Investment in Statutory Trusts - We have an investment in the common stock of Hersha Statutory Trust I and Hersha Statutory Trust II. Our investment is accounted for under the equity method.
Notes Receivable - Notes receivable as of March 31, 2008 and December 31, 2007 include notes receivable of $1,350 extended in November and December 2006 to the purchaser of the Holiday Inn Express, Duluth, GA; Comfort Suites, Duluth, GA; Hampton Inn, Newnan, GA; and the Hampton Inn Peachtree City, GA (collectively the “Atlanta Portfolio”). Each of these notes bears interest at 8% and have maturity dates of December 31, 2008. Also included in notes receivable is a loan made to one of our unconsolidated joint venture partners in the amount of $1,120 bearing interest at 13.5% with a maturity date of December 27, 2008.
Due from Lessees - Due from lessees represent rents due under our land lease and hotel lease agreements.
Prepaid Expense - Prepaid expenses include amounts paid for property tax, insurance and other expenditures that will be expensed in the next twelve months.
Interest due on Development Loans– Interest due on development loans represents interest income due from loans extended to non-related parties that are used to enable such entities to construct hotels and conduct related improvements on specific hotel projects. This excludes interest due on development loans from loans extended to related parties in the amounts of $189 and $4, as of March 31, 2008 and 2007, respectively, which is included in the Due From Related Parties caption on the face of the consolidated balance sheets.
Deposits on Property Improvement Plans – Deposits on property improvement plans consists of amounts to be capitalized as part of our property improvement programs at certain properties, including capitalized interest and advances to HHMLP and other affiliated entities we contract with to perform construction services.
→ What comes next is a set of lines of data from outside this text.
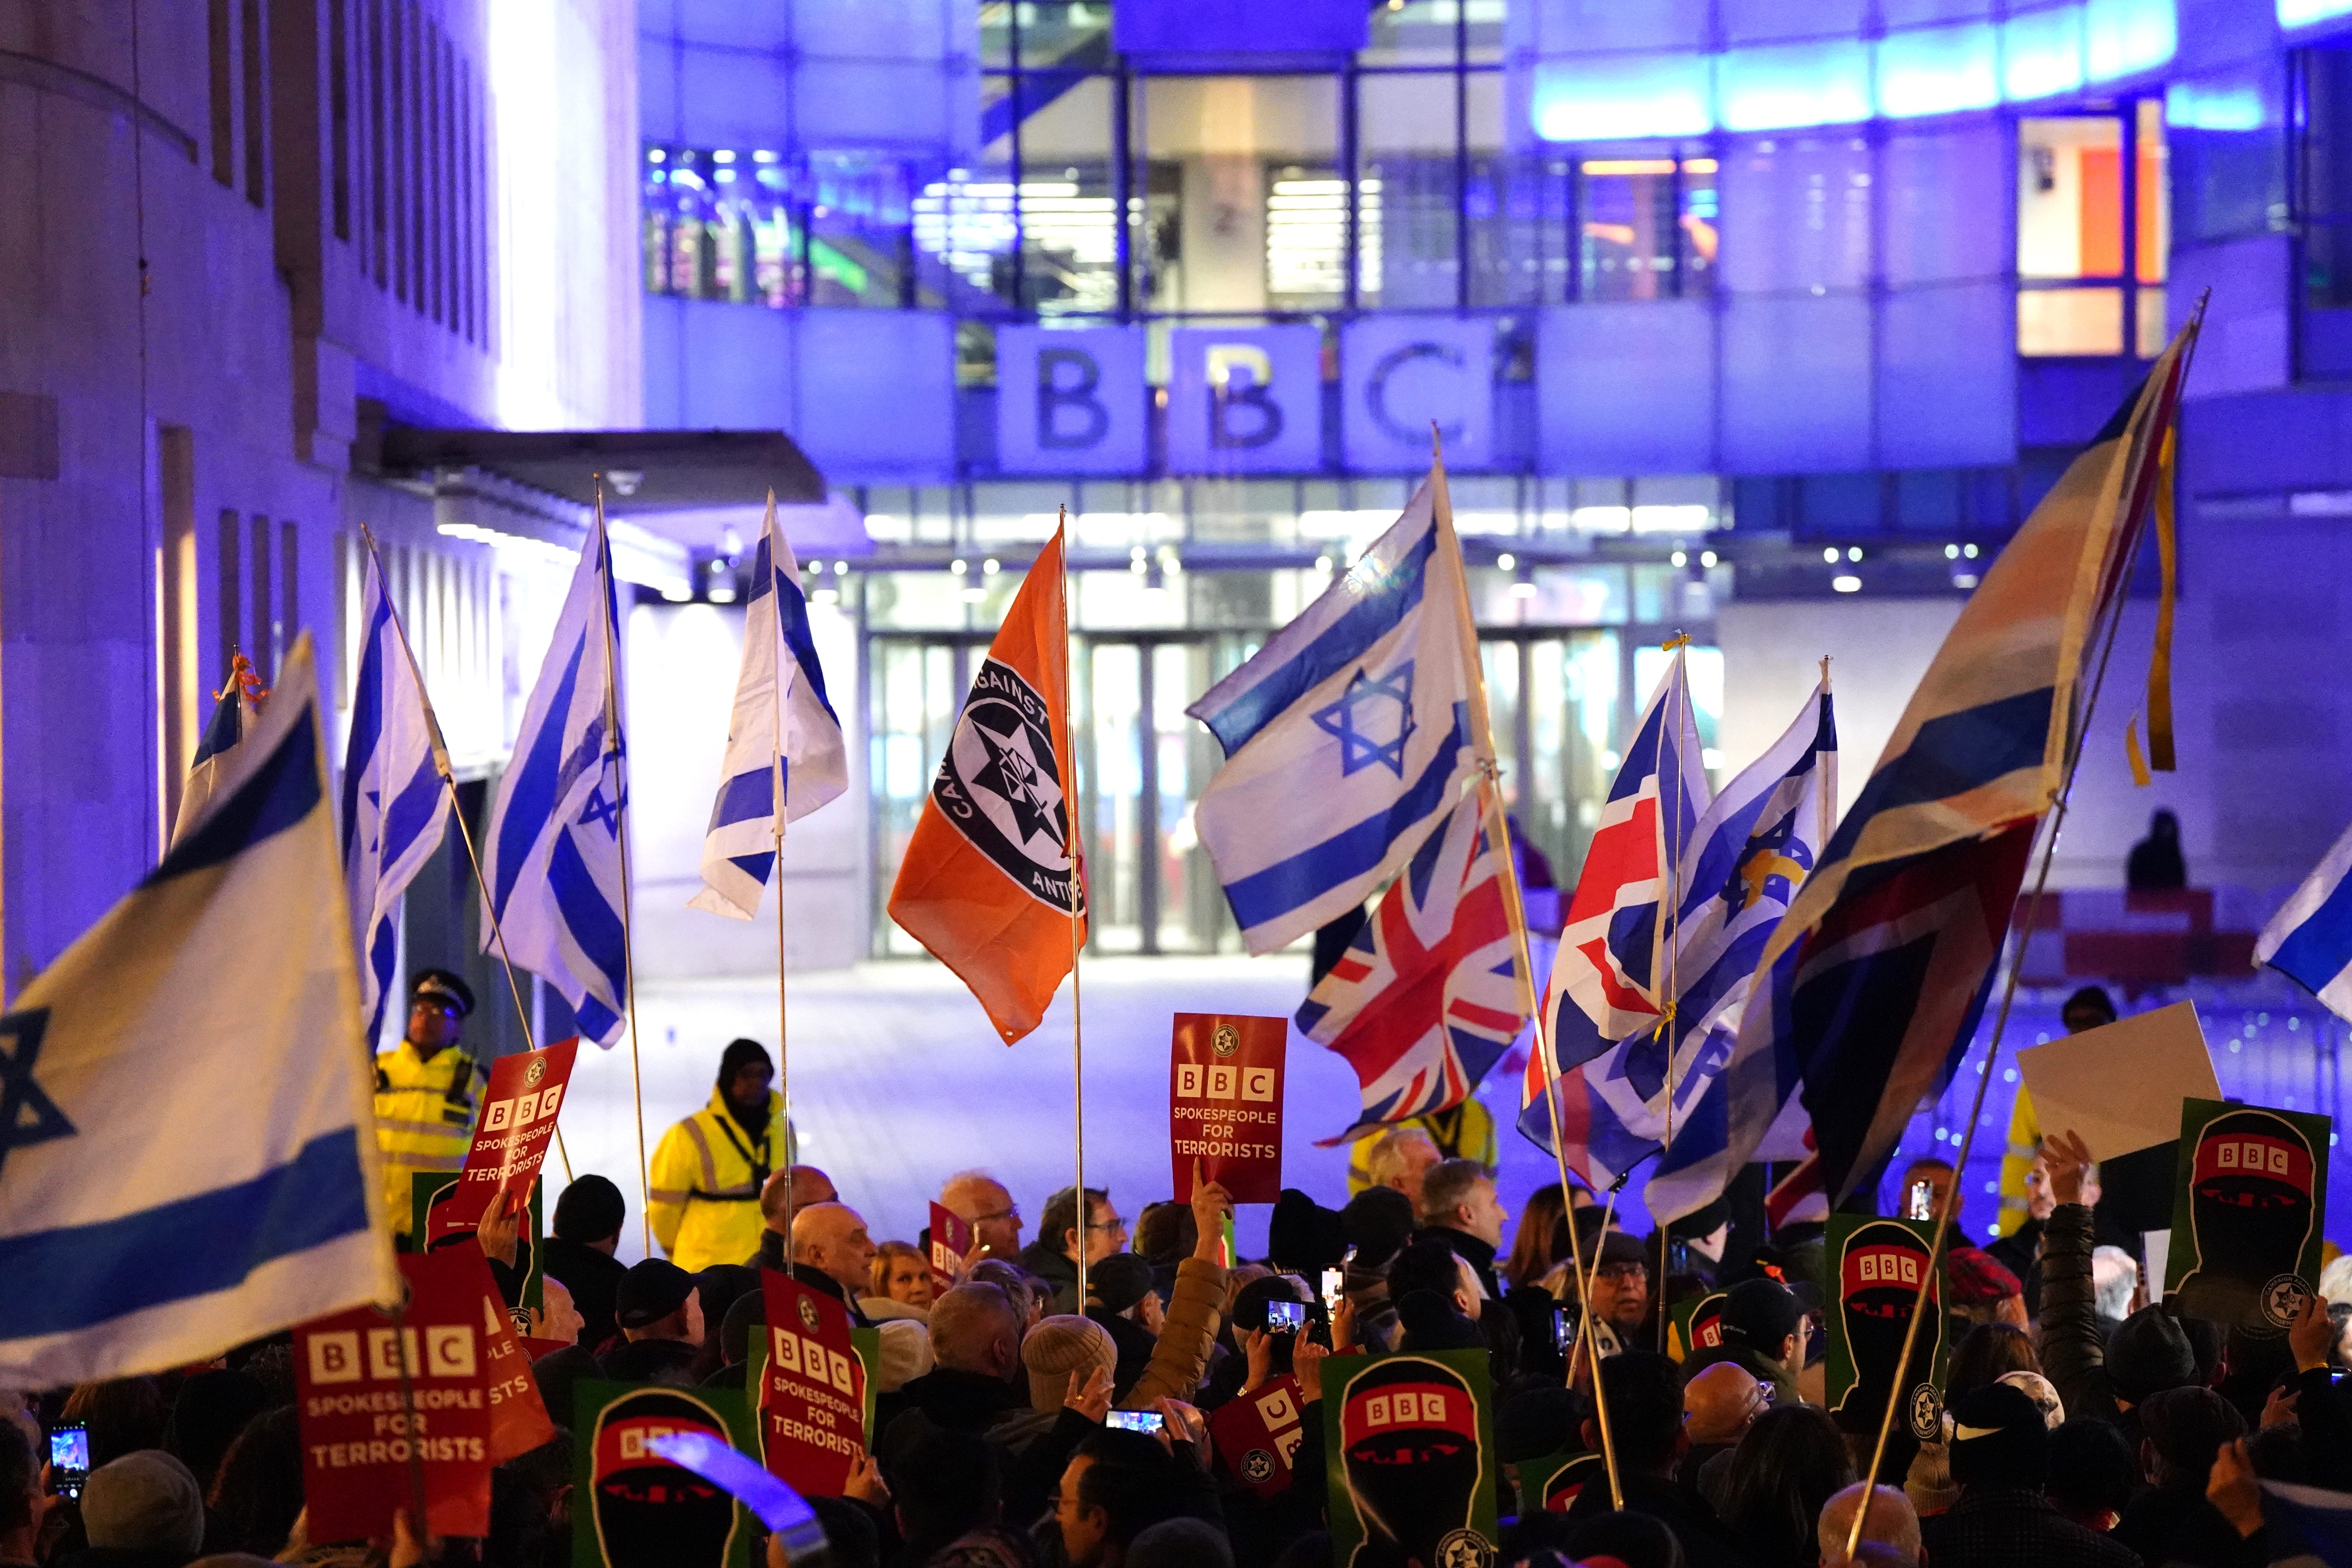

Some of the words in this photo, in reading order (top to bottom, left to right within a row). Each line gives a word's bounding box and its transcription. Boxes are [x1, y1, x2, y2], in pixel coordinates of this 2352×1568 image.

[1034, 340, 1467, 451] BBC
[973, 668, 1049, 725] GAINST
[1182, 1070, 1267, 1096] BBC
[491, 1091, 558, 1126] BBC
[1174, 1107, 1277, 1124] SPOKESPEOPLE
[475, 1121, 554, 1151] SPOKESPEOPLE
[1202, 1124, 1233, 1139] FOR
[1174, 1139, 1276, 1159] TERRORISTS
[2221, 1146, 2285, 1171] BBC
[467, 1150, 544, 1181] TERRORISTS
[1863, 1257, 1915, 1280] BBC
[780, 1338, 848, 1385] BBC
[307, 1388, 484, 1417] SPOKESEOPLE
[774, 1376, 860, 1423] SPOKESPEOPLE
[1371, 1397, 1441, 1421] BBC
[373, 1412, 428, 1437] FOR
[807, 1406, 837, 1429] FOR
Hotel Purchase Option – We have options to acquire interests in two hotel properties at fixed purchase prices.
HERSHA HOSPITALITY TRUST AND SUBSIDIARIES
NOTES TO THE CONSOLIDATED FINANCIAL STATEMENTS FOR THE
THREE MONTHS ENDED MARCH 31, 2008 AND 2007[UNAUDITED]
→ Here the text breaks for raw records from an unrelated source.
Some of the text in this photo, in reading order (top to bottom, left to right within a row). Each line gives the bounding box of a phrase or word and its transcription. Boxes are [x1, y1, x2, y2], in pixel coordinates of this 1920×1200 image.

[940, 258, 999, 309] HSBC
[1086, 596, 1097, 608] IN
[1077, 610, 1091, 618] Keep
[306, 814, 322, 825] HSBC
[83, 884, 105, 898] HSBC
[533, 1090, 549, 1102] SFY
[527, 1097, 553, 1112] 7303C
[IN THOUSANDS, EXCEPT SHARE/UNIT AND PER SHARE AMOUNTS]
NOTE 6 — DEBT
Mortgages and Notes Payable
The total mortgages payable balance at March 31, 2008, and December 31, 2007, was $596,060 and $567,507, respectively, and consisted of mortgages with fixed and variable interest rates ranging from 4.0% to 8.94%. The maturities for the outstanding mortgages ranged from August 2008 to January 2032. Aggregate interest expense incurred under the mortgages payable totaled $8,610 and $7,934 during the three months ended March 31, 2008 and 2007, respectively.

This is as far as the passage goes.